Instruction-level parallelism is intended to reduce the instruction time of a program by executing multiple instructions in the program simultaneously. Kernels based on thread-level parallelism take multiple programs at the same time and run them in parallel,
Contemporary processors combine ILP and TLP in their architectures while GPUs remain purely TLP without any type of ILP in order to simplify the control unit and to be able to place as many cores as possible.
Running on a GPU or running on a CPU
Most of the time when a thread reaches the main GPU ALUs, it directly contains the instruction and the data, but there are times when the data needs to be fetched in the caches and in memory, to avoid delays in running it the GPU kernel scheduler, what it does is what is called a Round-Robin and passes this thread to run afterwards.
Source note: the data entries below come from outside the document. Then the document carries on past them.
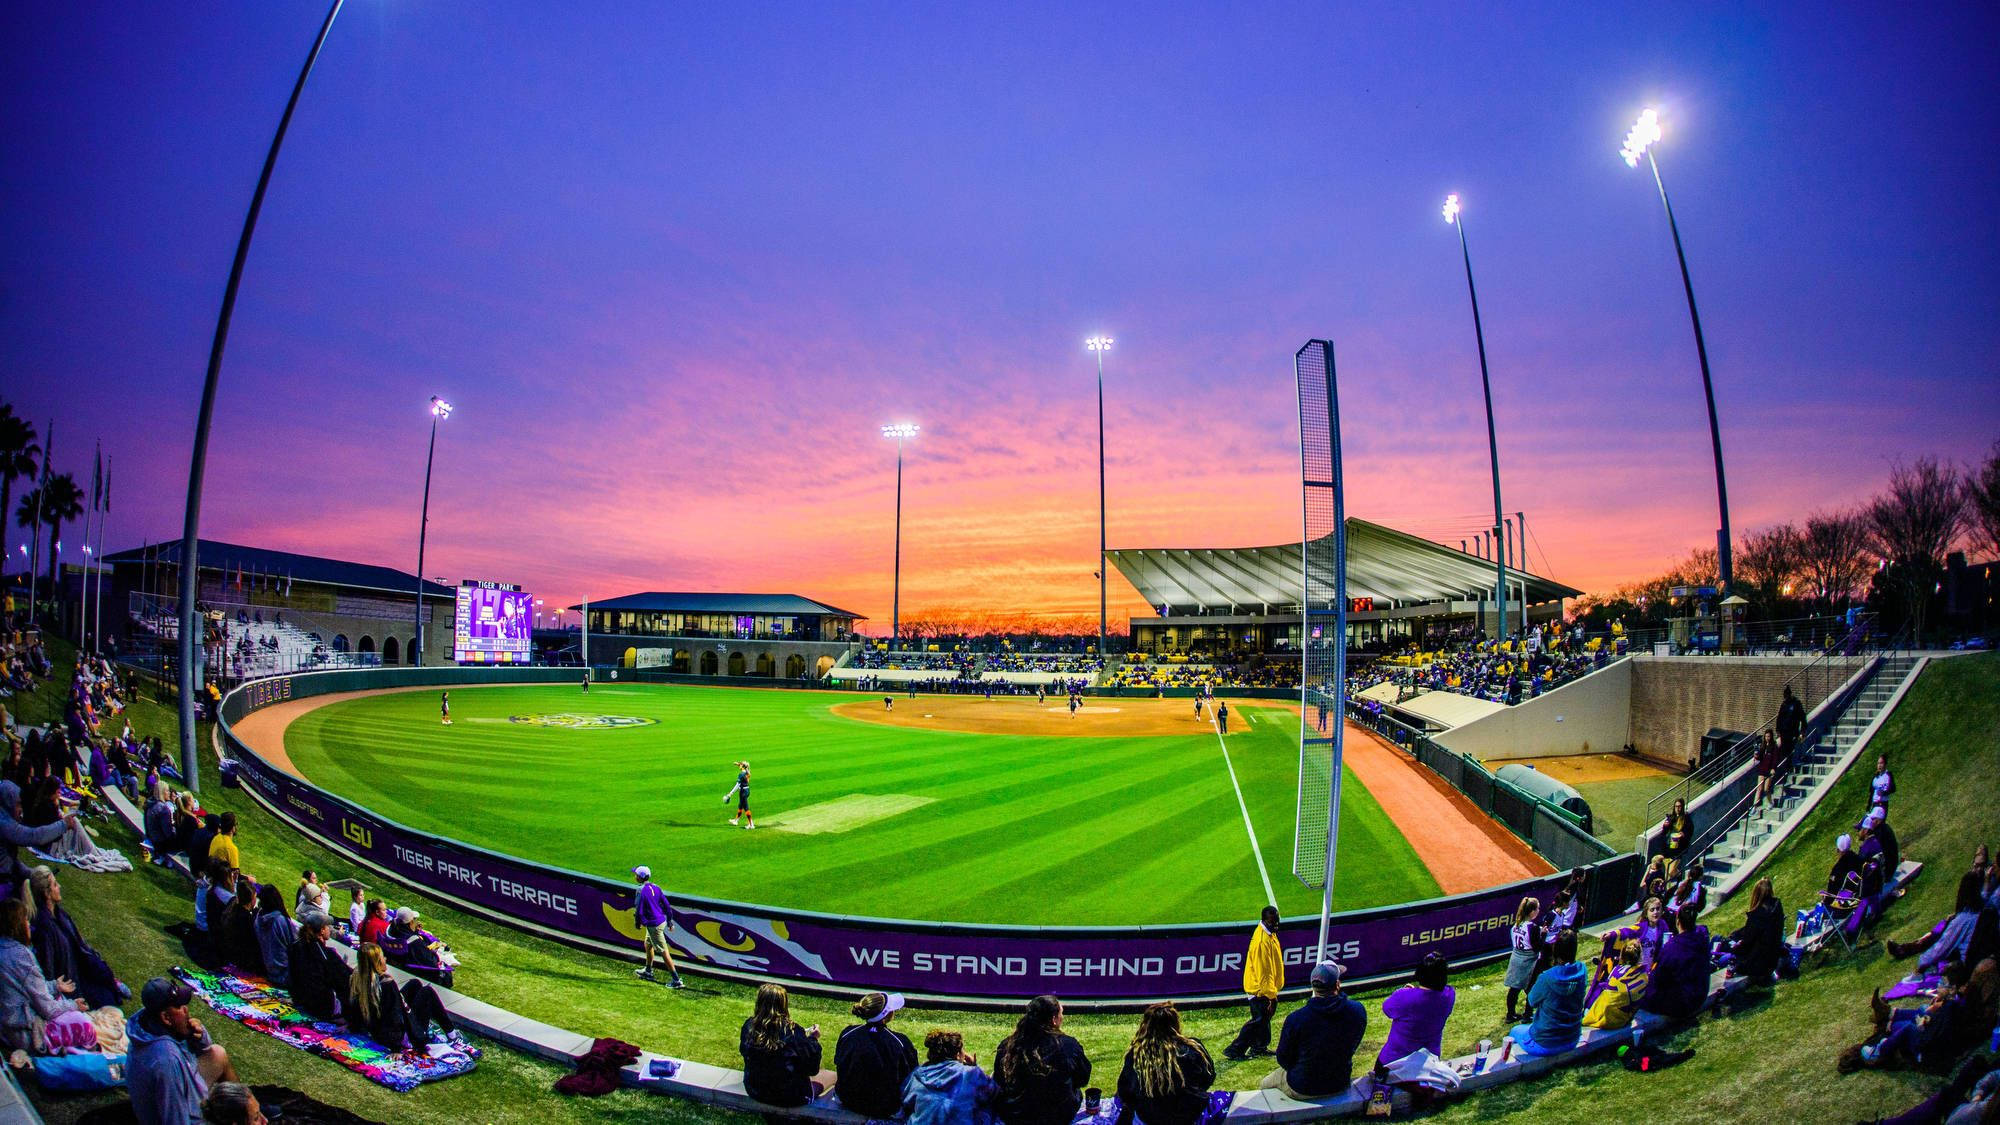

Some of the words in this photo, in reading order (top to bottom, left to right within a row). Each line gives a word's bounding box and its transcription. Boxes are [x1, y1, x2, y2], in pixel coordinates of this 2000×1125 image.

[478, 581, 495, 590] TIGER
[499, 583, 514, 592] PARK
[246, 678, 291, 709] TIGERS
[342, 818, 373, 849] LSU
[393, 844, 433, 872] TIGER
[437, 860, 482, 888] PARK
[488, 875, 578, 916] TERRACE
[849, 947, 900, 969] WE
[913, 952, 1027, 976] STAND
[1040, 957, 1164, 977] BEHIND
[1175, 952, 1242, 974] OUR
[1284, 940, 1360, 966] GERS
In a CPU this cannot be done, the reason is that the threads are very complex sets of instructions and with a high dependency on each other, while in a GPU there is no problem, because execution threads are extremely small because they stand alone in the kernels, often of a single instruction duration.
In reality, what GPUs do is put together a set of cores in what is called a wave, assigning each wave to an ALU in the GPU, these are cascaded and in order. Each kernel has a thread or core limit, which will keep it busy for a while until it needs a new list, thus preventing the large number of cores constantly making memory requests.